Longtime SRC administrator Ed Fite said consolidation has been discussed for years as funding for the agency continually dwindled.
“What we’re talking about now is being done solely because there is no money,” he said.
Shrunken budget
Shrinking state appropriations and a legislative change to boating-fee structures in 2008 have repeatedly cut the commission’s budget. Staff has been reduced from 11 to 4½ positions as the agency runs on an annual budget of less than $500,000, he said.
“We’ve been dying a death of a thousand cuts,” Fite said. “This is not our first time to approach the idea of consolidation, but this time around it’s looking like this is going to have a great probability of passing because of ever-decreasing state funds for all agencies.”
Not opposed
Fite said he has known Dan Sullivan, GRDA’s CEO, since they attended Northeastern State University and said the move is the best way to preserve the Scenic Rivers mission.
“Dan Sullivan is the first agency director to enthusiastically stand up in the Legislature and say ‘we’ll take ‘em, and we’ll fund them,’ ” he said.
That a power company and an environmental organization make odd bedfellows was not lost on Sullivan, but he said GRDA is much more than a power company.
He acknowledged that many people see GRDA only as a power company, or a lakeside enforcer, depending on their most common contact with the agency.
“GRDA was created in 1935 as a conservation and reclamation district for the waters of the Grand River. No one knew for sure then that a dam would be built,” he said. “Water quality is a big part of our mission, and as Ed (Fite) has said, maintaining water quality is a job that’s never finished.”
Multiple roles
Commenting on the issue Thursday, Sullivan said he was standing outside the water quality lab in the GRDA Ecosystems and Education Center at Langley.
He pointed out the GRDA serves the Tahlequah and Stillwell communities, already has outdoor recreation enforcement capabilities, has engaged in water-quality awareness programs with residents of the Grand River watershed and faces the same water-quality issues, including high phosphorous levels flowing in from neighboring states, as the Illinois River drainage.
“There actually is a lot of synergy there,” he said.
“If you consider the importance of the mission and the lack of funds available, particularly in this difficult budget time, I don’t see another viable option.”
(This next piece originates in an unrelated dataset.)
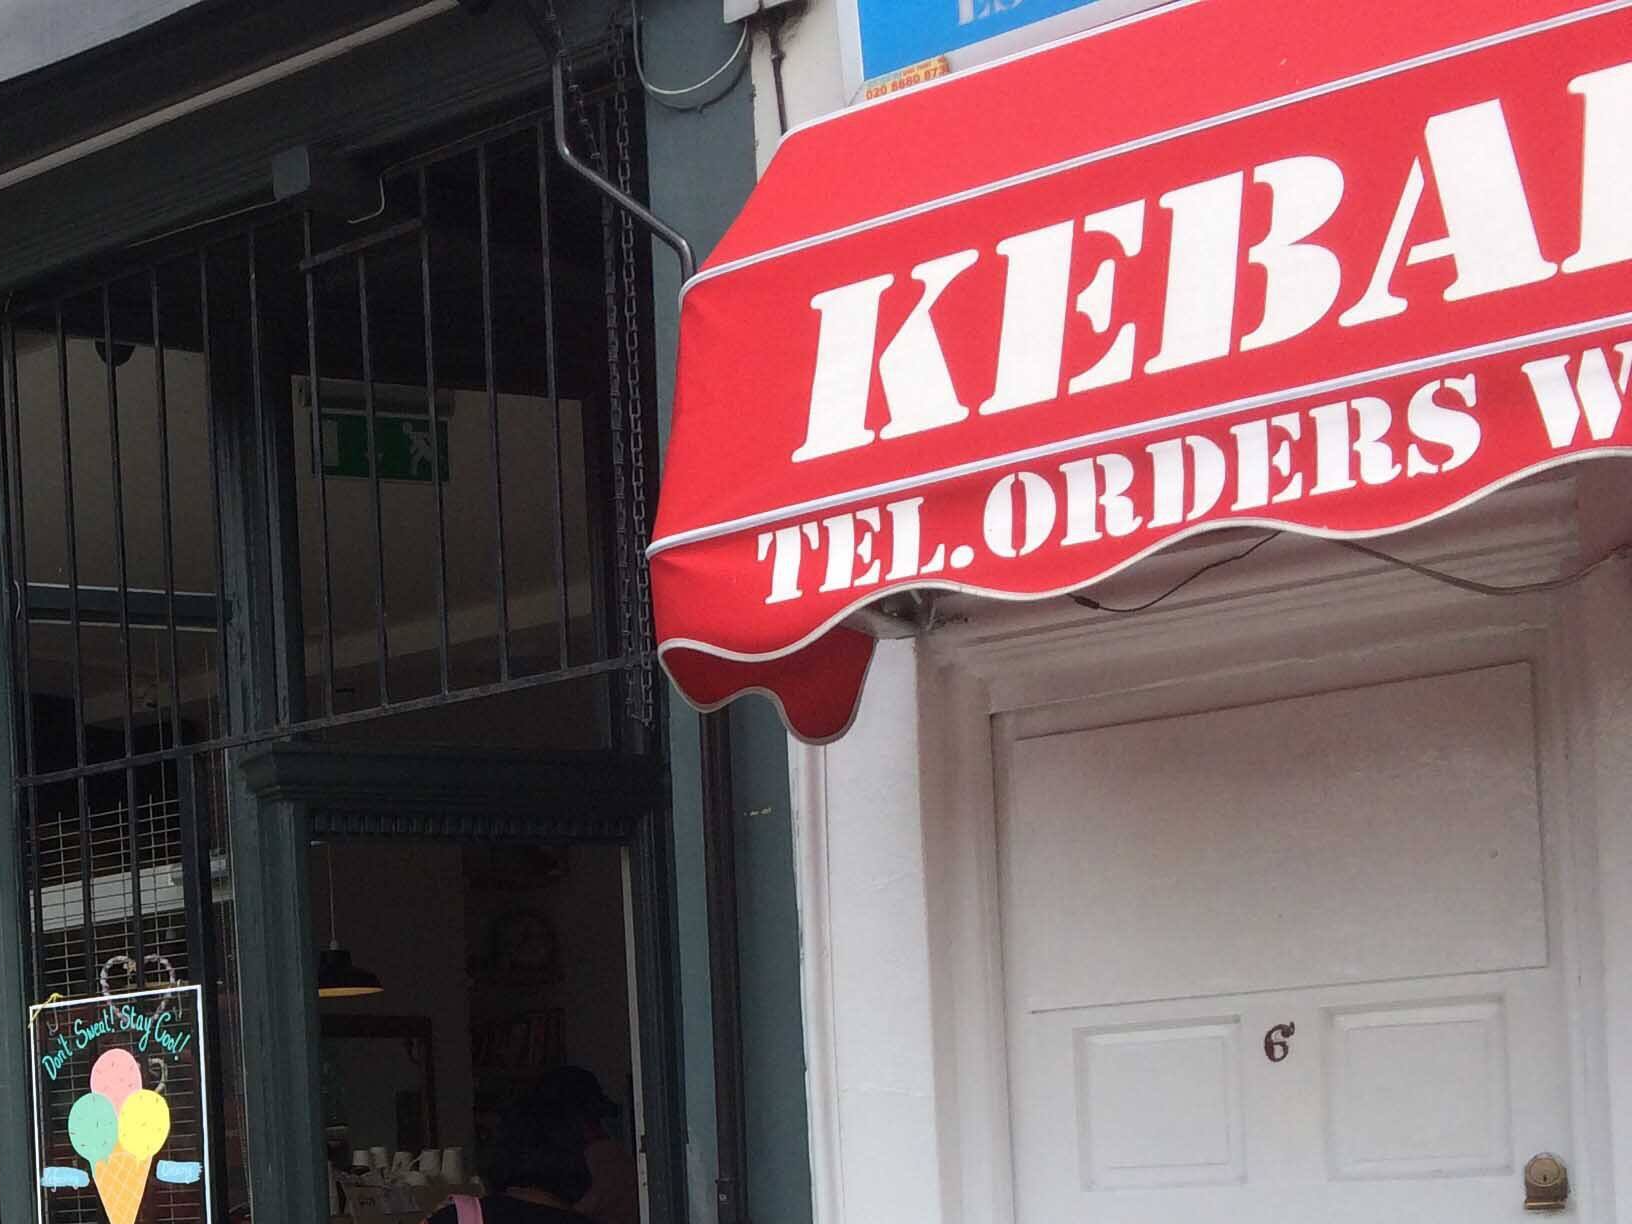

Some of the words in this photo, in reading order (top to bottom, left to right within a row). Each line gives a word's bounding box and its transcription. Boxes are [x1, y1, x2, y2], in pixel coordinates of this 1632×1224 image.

Sullivan echoed Fite’s assessment of the political atmosphere and guessed the bill will pass this session.
Value preservation
Among priorities, Fite said, the bill must preserve the core values of the Oklahoma Scenic Rivers Act, that staff members retain their jobs, and that current planning efforts and working relationships among Oklahomans and across state lines be maintained.
“The population was approximately 173,000 in the (Illinois River) basin when I stared in 1983; it’s now over 600,000,” he said. The river annually attracts about 500,000 visitors, he added.
In spite of increased private and commercial recreational use, increased population and intensive farming, water quality has improved from a low point in the 1980s, he said.
Sullivan said change would come slowly.
“The main idea right now would be to continue the status quo until we have an opportunity to sit down and look over everything,” he said.